Wildfire and use of the land as forage for herd animals strengthens rather than weakens a healthy, intact prairie grassland.[19]

...the prairie had two strings to its bow. Fires thinned its grasses, but they thickened its stand of leguminous herbs; prairie clover, bush clover, wild bean, vetch, lead-plant, trefoil, and Baptisia, each carrying its own bacteria housed in nodules on its rootlets. Each nodule pumped nitrogen out of the air into the plant, and then ultimately into the soil. Thus the prairie savings bank took in more nitrogen from its legumes than it paid out to its fires. That the prairie is rich is known to the humblest deermouse; why the prairie is rich is a question seldom asked in all the still lapse of ages.[19]

— Aldo Leopold, 1942

Native plant persistence in cemetery prairies is highly variable, as one 1970s-era survey of Illinois and Indiana prairie cemeteries detailed:[20] "In each cemetery, certain prairie indicator species were sought, especially the warm-season grasses, such as big bluestem (Andropogon gerardii Vitman) and Indian grass (Sorghastrum nutans (L.) Nash). These grasses often persisted around tombstones and in fence rows, even in those cemeteries which had been heavily mowed. In many cases, the entire cemetery was still prairie. In others, prairie vegetation was to be found only in relatively undisturbed sections, such as areas along the perimeter."
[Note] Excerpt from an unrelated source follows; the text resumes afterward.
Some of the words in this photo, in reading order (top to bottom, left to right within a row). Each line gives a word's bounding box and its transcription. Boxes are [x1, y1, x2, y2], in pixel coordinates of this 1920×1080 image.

Tallgrass prairie is highly biodiverse grassland; more than 150 species of plant on any given native prairie site would be typical. Researchers observing Rochester Cemetery Prairie in Rochester, Iowa—one of the best-studied and most notable cemetery prairies—have found 360 plant species.[5][14][16] Most cemetery prairies are smaller than Rochester and have commensurately lower plant counts, but a survey by the Illinois Department of Natural Resources found an average of 114 native prairie and savanna species per site.[21]
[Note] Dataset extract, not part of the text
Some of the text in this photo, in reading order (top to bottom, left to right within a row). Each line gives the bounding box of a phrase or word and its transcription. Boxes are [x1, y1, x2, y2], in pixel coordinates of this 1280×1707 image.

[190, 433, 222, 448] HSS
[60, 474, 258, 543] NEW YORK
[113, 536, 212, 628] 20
Some of the plant species that may be found in undisturbed cemetery prairie include Indian grass, big bluestem, little bluestem, compass plant, wild indigo,[1] New Jersey tea, shooting star,[5][14] blazing star, wild strawberry,[3] bird's-foot violet, daisy fleabane, false dandelion, prairie phlox, golden Alexander, black-eyed Susan,[4] leadplant, prairie rose, Canadian wild rye,[12] white prairie clover, purple prairie clover, grassy death camas,[15] lance-leaved aster, cord grass, stiff goldenrod,[22] grama, switchgrass,[23] sand milkweed, sky-blue aster, white wild indigo, Indian plantain, Hill's thistle, yellow lady slipper, alum root, slender-leaved pinweed, wood lily, eastern prickly pear, wild quinine, wild petunia, showy goldenrod, slender ladies'-tresses, porcupine grass, goat's rue,[16] silphium, purple gentian,[9] showy tick trefoil, prairie dock, rattlesnake master, spiked lobelia, et al.[7]
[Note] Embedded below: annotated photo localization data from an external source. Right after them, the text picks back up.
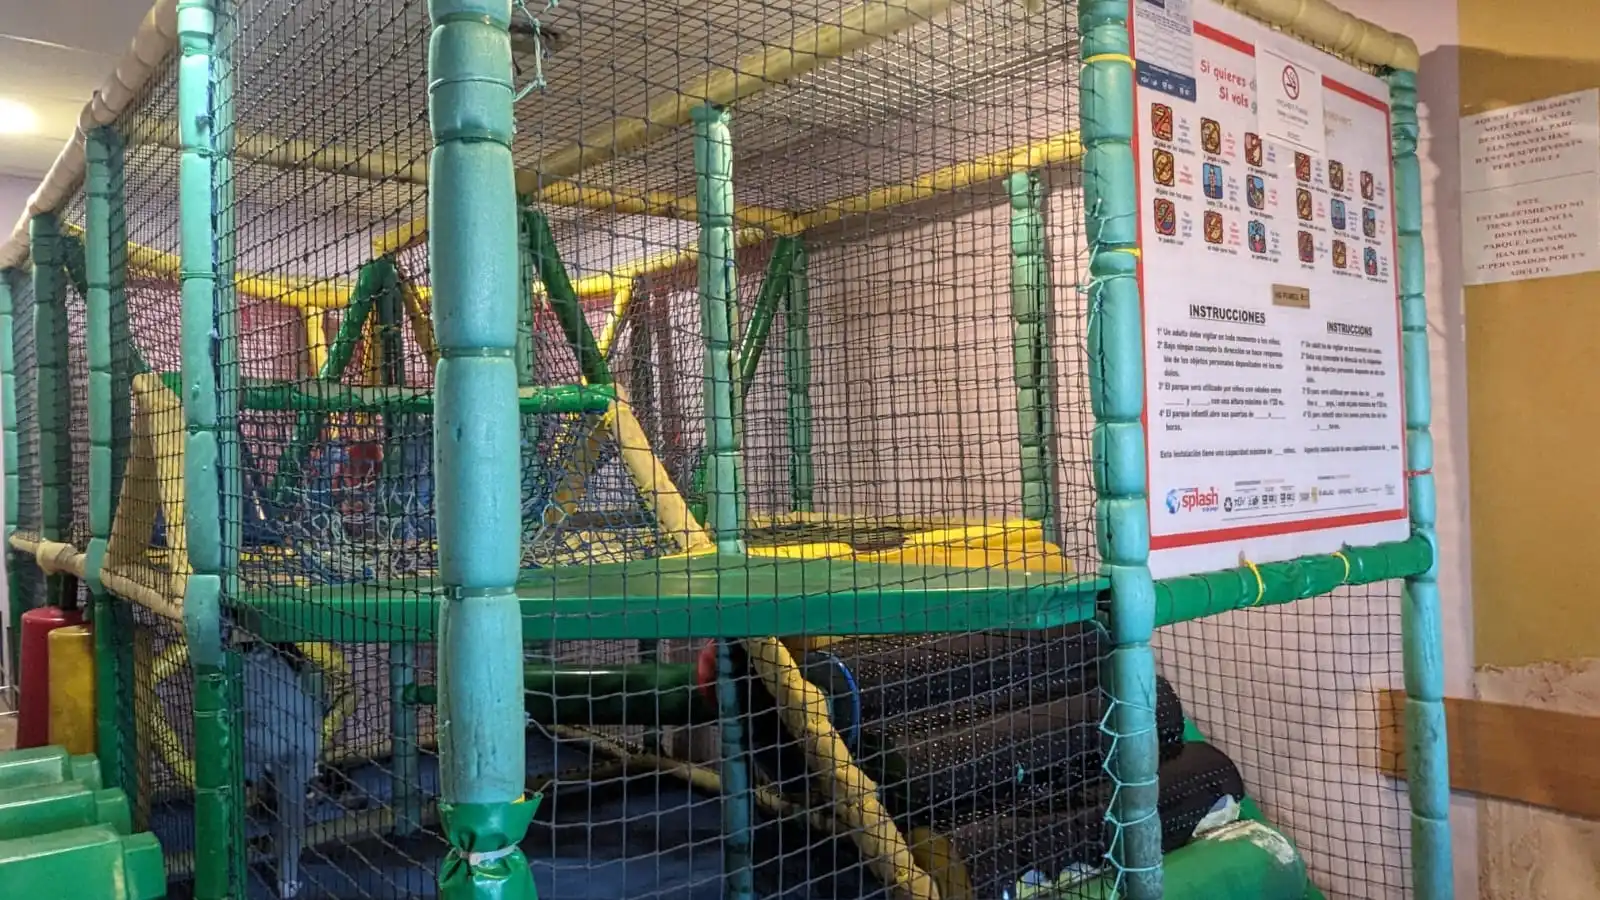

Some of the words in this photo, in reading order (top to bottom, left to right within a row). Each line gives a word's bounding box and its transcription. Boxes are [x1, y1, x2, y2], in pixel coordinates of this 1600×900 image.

[1200, 59, 1210, 73] Si
[1213, 67, 1246, 87] quieres
[1219, 86, 1229, 100] Si
[1231, 92, 1249, 108] vols
[1478, 129, 1532, 144] DESTINADA
[1476, 203, 1567, 222] ESTABLECIMIENTO
[1486, 221, 1512, 231] TIENE
[1515, 212, 1574, 227] VIGILANCIA
[1494, 226, 1548, 240] DESTINADA
[1517, 248, 1531, 256] DE
[1532, 244, 1565, 254] ESTAR
[1189, 303, 1266, 324] INSTRUCCIONES
[1326, 321, 1373, 336] INSTRUCCIONS
[1182, 486, 1218, 512] splash
Partridges, badgers, turtles, coyotes, beaver and all manner of birds find their way into a prairie.[22][8]

In a 2012 study of moth biodiversity on Illinois biofuel plantations growing maize, miscanthus or switchgrass, cemetery prairies were two of the three exemplars of native prairie used for comparison. Native prairie had the highest alpha diversity of the four types of field; the researchers found evidence that "large-scale conversion of acreage to biofuel crops may have substantial negative effects on arthropod biodiversity both within the cropping systems and in the surrounding landscape...In general, [related] studies have borne out the hypothesis that agricultural landscapes that offer a diverse flora of native perennials will harbor a higher diversity of beneficial arthropods than will extensive monocultures of annual plants such as corn and soybean."[24] A similar message about cemeteries as useful biodiversity reservoirs for farm businesses was published by the U.S. Department of Agriculture in 1921.[25]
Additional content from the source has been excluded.